Le roi du Maroc vient d’annuler les activités prévues pour le 21e anniversaire de son accession au trône au nom des circonstances liées au COVID-19. En coulisses, on évoque la maladie du souverain et l’avenir de son règne 
Le roi du Maroc Mohammed VI et le prince héritier Moulay Hassan, à Paris, pour les cérémonies du 110e anniversaire de l’Armistice du 11 novembre 1918 (AFP)
Le roi du Maroc Mohammed VI et le prince héritier Moulay Hassan, à Paris, pour les cérémonies du 110e anniversaire de l’Armistice du 11 novembre 1918 (AFP)

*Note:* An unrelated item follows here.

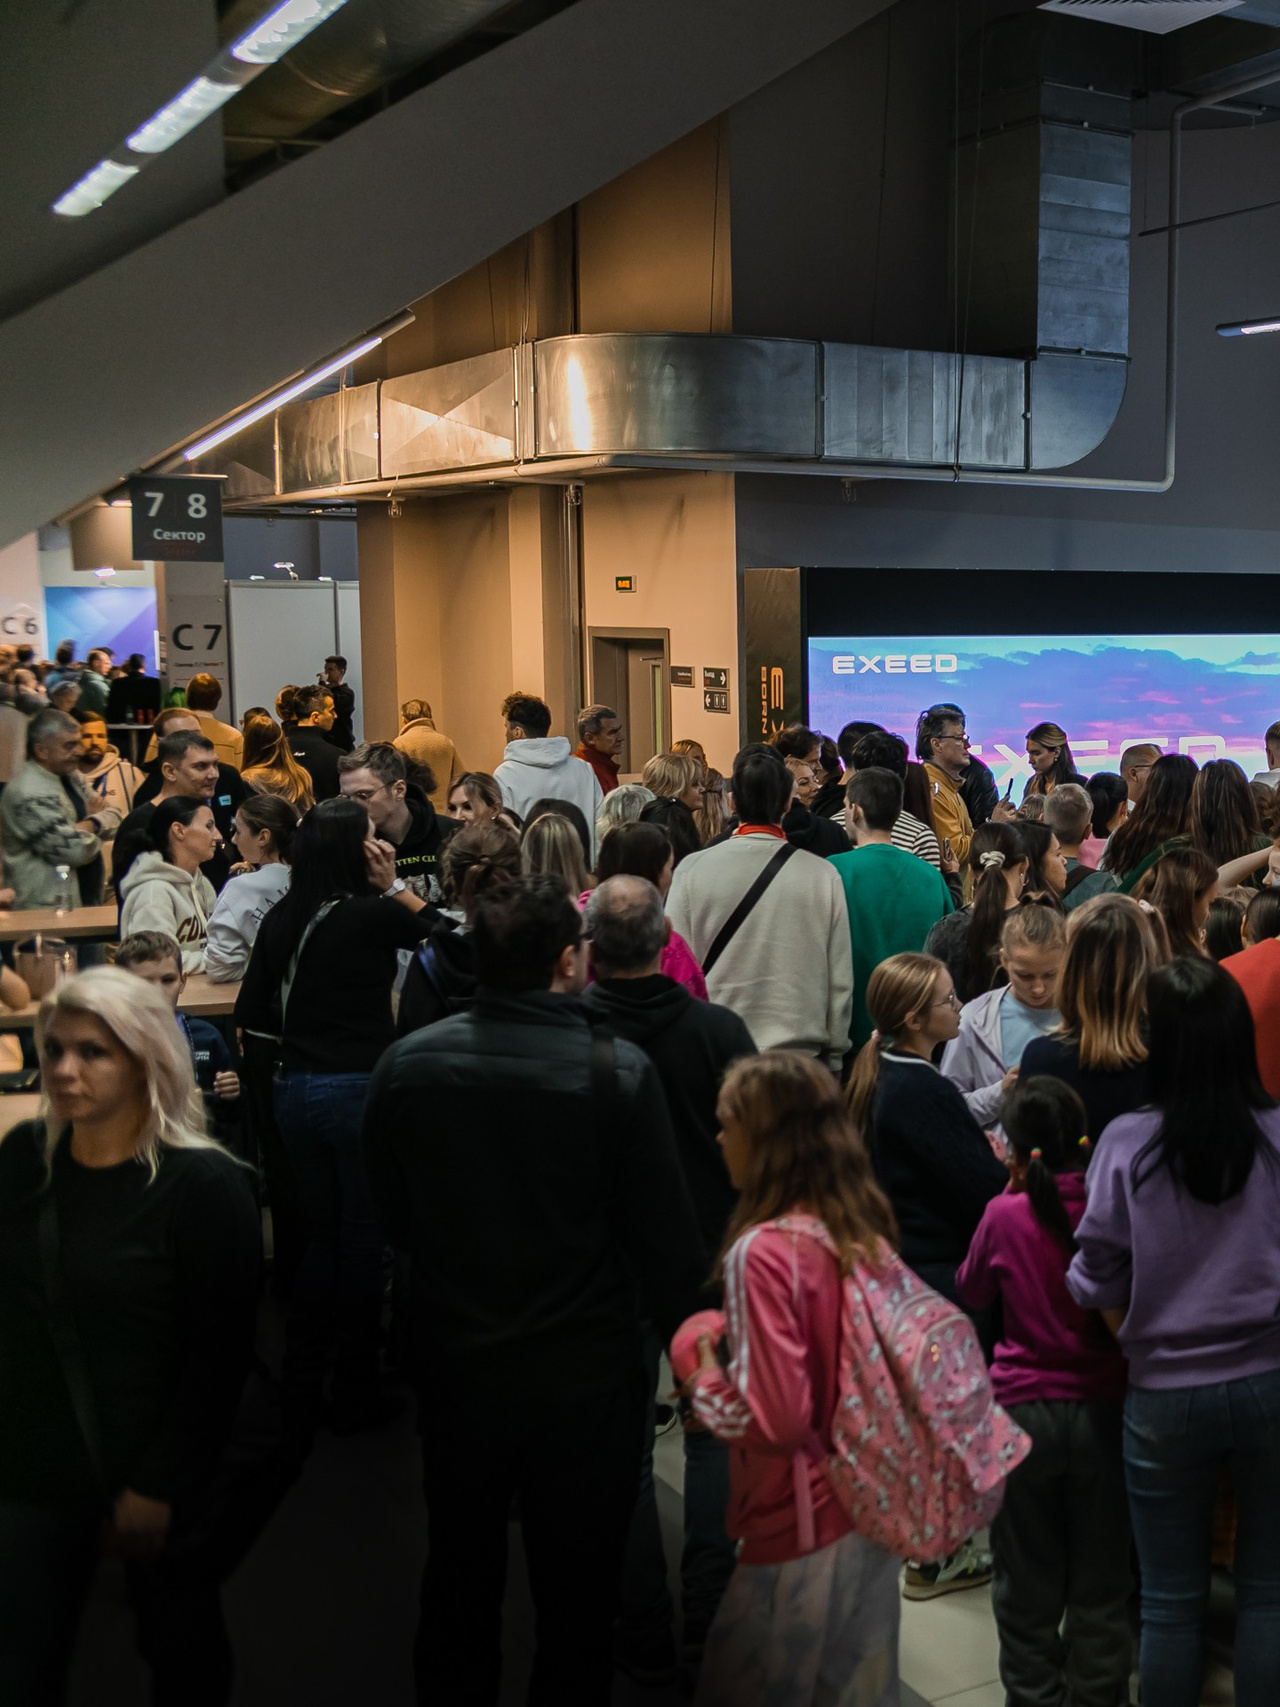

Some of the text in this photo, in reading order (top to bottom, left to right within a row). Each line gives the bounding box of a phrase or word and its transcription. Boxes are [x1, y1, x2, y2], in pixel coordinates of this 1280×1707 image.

[144, 491, 207, 518] 7 8
[153, 528, 206, 543] Сектор
[832, 654, 958, 675] EXEED
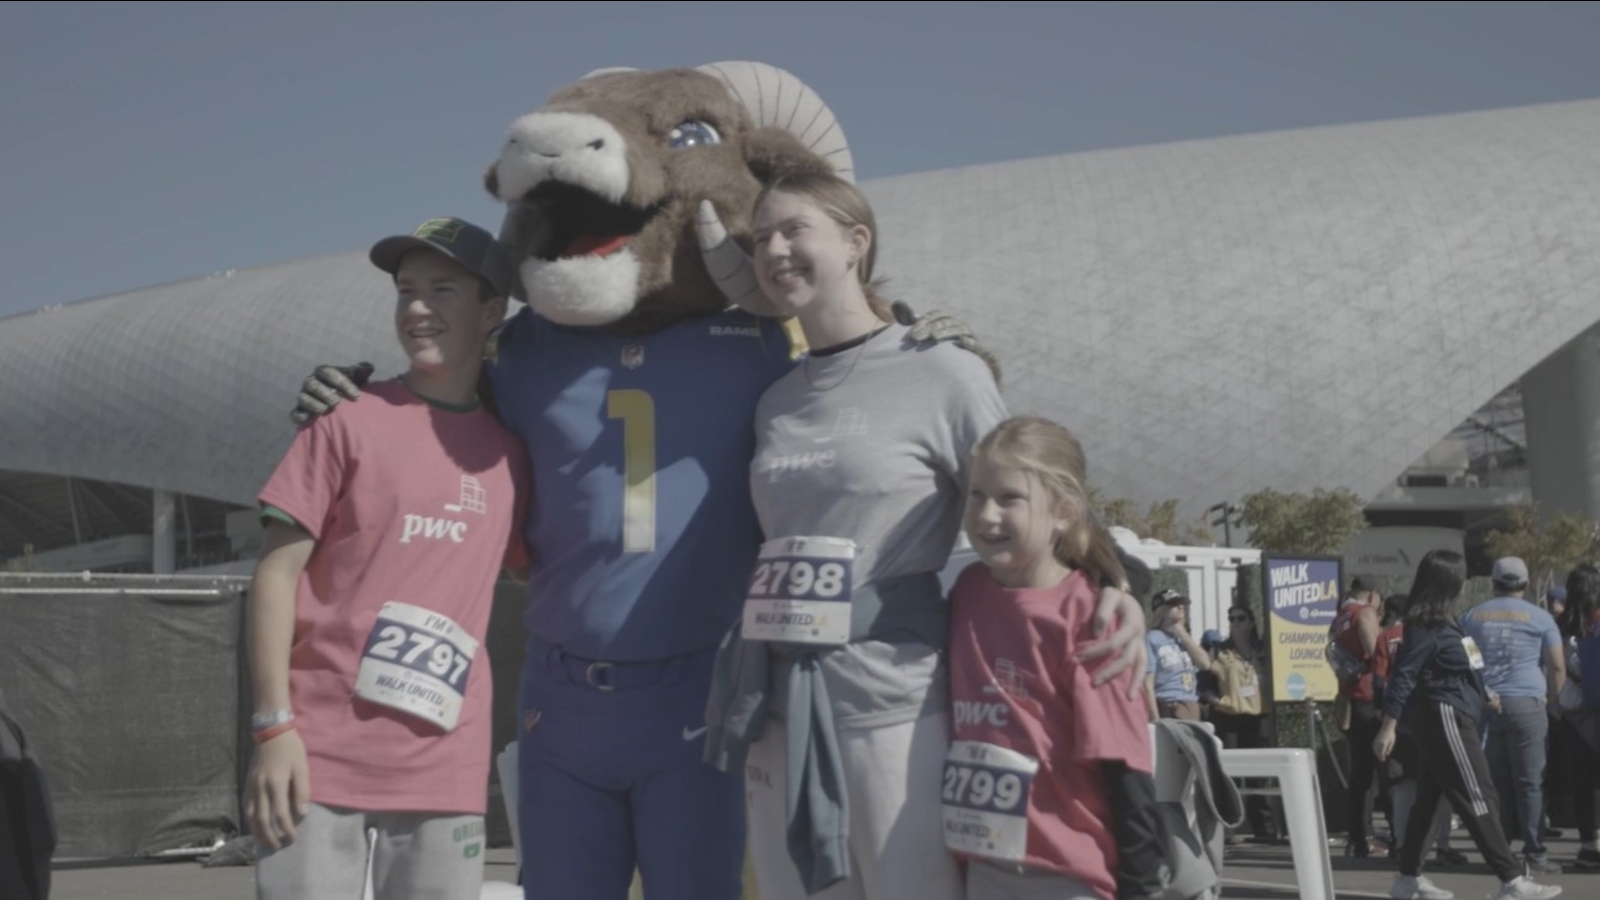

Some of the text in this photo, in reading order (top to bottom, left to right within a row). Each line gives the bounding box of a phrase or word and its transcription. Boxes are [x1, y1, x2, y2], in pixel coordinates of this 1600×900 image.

Alors que les Marocains sont calfeutrés chez eux en raison de l’état d’urgence sanitaire, un communiqué du Palais royal tombe comme un couperet, le 14 juillet, pour annoncer, une fois de plus, que « le roi Mohammed VI a subi avec succès une intervention à la suite d’un problème cardiaque à la clinique royale de Rabat », et qu’il n’est pas en mesure de se déplacer à l’étranger, les frontières étant fermées. 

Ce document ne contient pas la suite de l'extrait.